Poderosa exhibición del líder Paul Seixas en la Itzulia
CICLISMO
Doblete del francés en las Cuevas de Mendukilo con un ataque demoledor en la subida a San Miguel de Aralar
Amplía su diferencia al frente de la general, con 1:59 respecto a Roglic, segundo

Paul Seixas (Decathlon) asestó un golpe letal en la segunda etapa de la Itzulia. El joven talento francés de 19 años ganó a lo grande en las Cuevas de Mendukilo tras un ataque demoledor en la dura subida a San Miguel de Aralar (9,5 kilómetros al 7,7%). El galo amplió su renta al frente de una general que domina con mano de hierro. Atacó a falta de 26 kilómetros de meta, a lo Pogacar, sin mirar atrás e imponiendo un ritmo demasiado exigente para el resto de favoritos. Doblete de triunfos en la Itzulia y cuarta victoria de su prometedora carrera como profesional. Una muestra más de su enorme talento y del brillante futuro que le aguarda.
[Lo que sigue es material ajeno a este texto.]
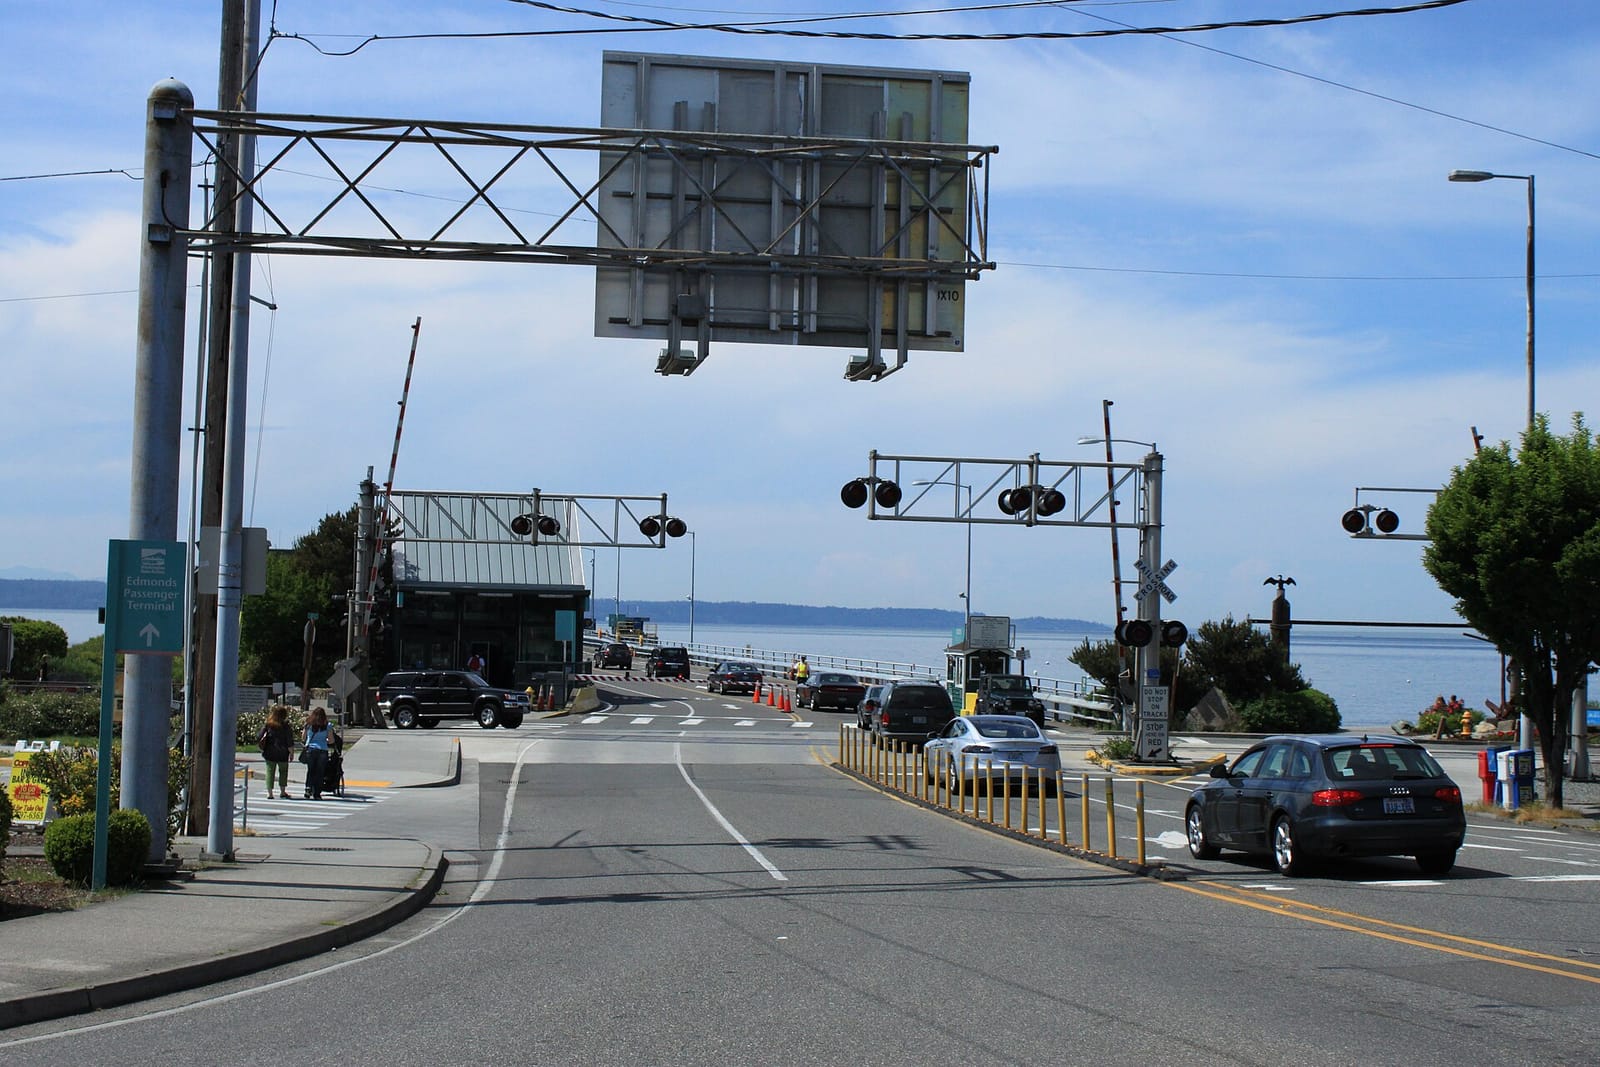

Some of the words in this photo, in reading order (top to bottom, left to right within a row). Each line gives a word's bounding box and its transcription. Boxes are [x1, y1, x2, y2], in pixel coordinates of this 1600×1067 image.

"El triunfo de ayer en la contrarreloj queda atrás. Tengo la etapa de hoy marcada en el calendario y voy a luchar por ella", apuntó Seixas antes de la salida. Dicho y hecho. Una confirmación de las grandes sensaciones que mostró en la crono y un mazazo anímico para sus rivales, que solo pudieron inclinarse y mirar de limitar pérdidas. El francés cuenta ahora con 1:59 sobre Primoz Roglic, segundo de la general y 2:08 respecto a Florian Lipowitz, tercero.
Una segunda etapa de la Vuelta al País Vasco que fue tranquila hasta el alto de San Miguel de Aralar, de primera categoría. Ethan Hayter (Soudal Quick-Step), Raúl García Pierna (Movistar Team), Frank Van den Broek (Team Picnic Post-NL), Joan Bou (Caja Rural), Iker Mintegi (Euskaltel) y Bruno Armirail (Visma-Lease a Bike) formaron la fuga del día poco después de la salida en Pamplona. Decathlon controló en todo momento la diferencia, que estuvo siempre en torno a los dos minutos. Al inicio del último puerto, los compañeros de Seixas subieron la marcha antes del violento ataque del líder, que se comió a los escapados en un abrir y cerrar de ojos y se fue en solitario hacia la meta.
No escatimó esfuerzos en el sinuoso descenso, trazando las curvas con maestría y ampliando su ventaja hasta llegar a las Cuevas de Mendukilo, escenario final de la gesta del galo. Un día para el recuerdo para Seixas y una nueva pesadilla para Mikel Landa, que sufrió una dura caída en la bajada cuando marchaba con el grupo perseguidor.